Friday, January 26, 2007

Happy Birthday, Julie!




On this date back in 1929, one of my favorite artists, Jules Feiffer, was born. Feiffer had a long-running and, as you can see in the above example, often timeless and prescient strip in the Village Voice called, appropriately enough, Feiffer. It ran for 42 years and won him a Pulitzer prize (then the ageist bastards at the Voice fired him cuz they thought he was too old, but we'll avoid discussing anything unpleasant on his birthday. )
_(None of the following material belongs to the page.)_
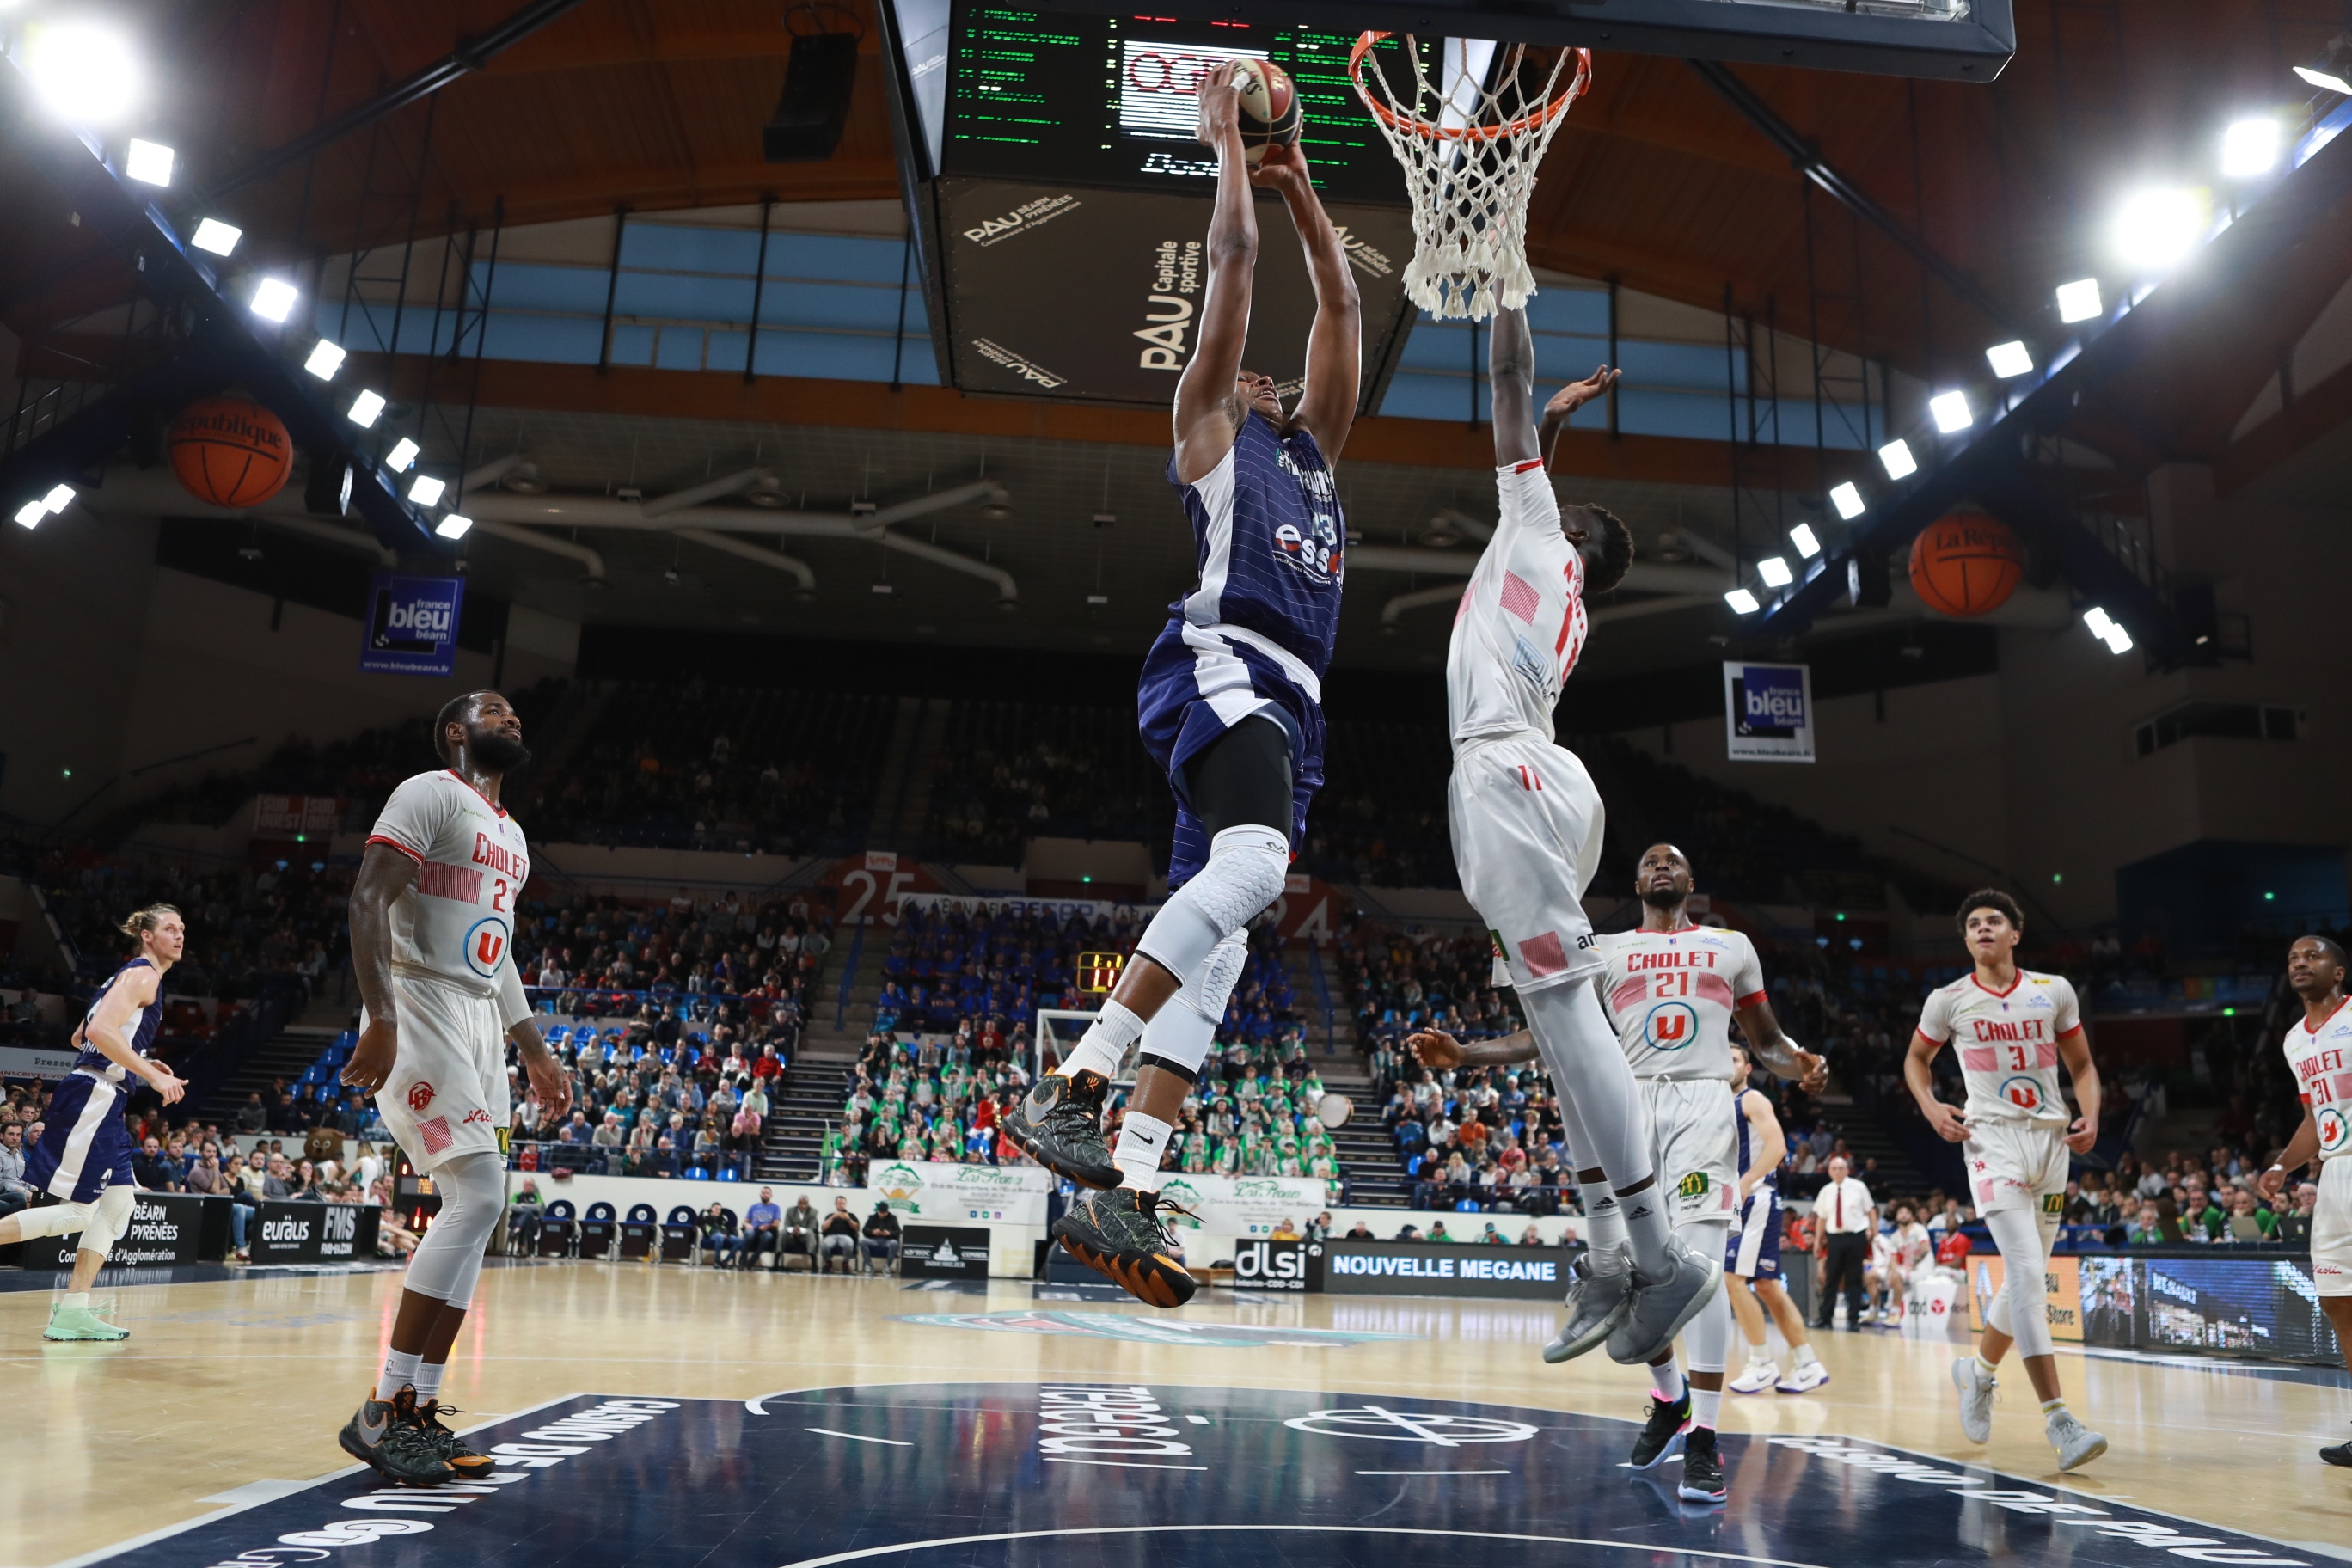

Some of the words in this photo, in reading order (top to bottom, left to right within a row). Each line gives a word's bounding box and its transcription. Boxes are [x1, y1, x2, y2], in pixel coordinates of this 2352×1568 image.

In addition to his cartooning -- which was good enough to get him into the comic book hall of fame, he's also a screenwriter (Carnal Knowledge) playwright (Little Murders) illustrator (The Phantom Tollbooth) and he also has an Oscar to go next to that Pulitzer. And even though Will Eisner usually gets credit for the first graphic novel, I think you can make the case that that distinction belongs to Feiffer for his excellent book Tantrum. (Even though Eisner's A Contract With God was published in 1978 and Tantrum in 1979, A Contract With God is not a novel, I don't care the comic historians say, it's a collection of inter-related short stories.)
Tantrum is about a man who's tired of being a husband, tired of being a father, tired of being a man, who wills himself through a terrific tantrum to regress back to a two-year-old, and what happens after that, which is hilarious and heartbreaking and always thought-provoking.
Since the Voice silenced him, Feiffer has been busy doing childrens' books like The Man in the Ceiling and A Room With a Zoo, all of which I also highly recommend.
Happy 78th, Jules Feiffer, and many more!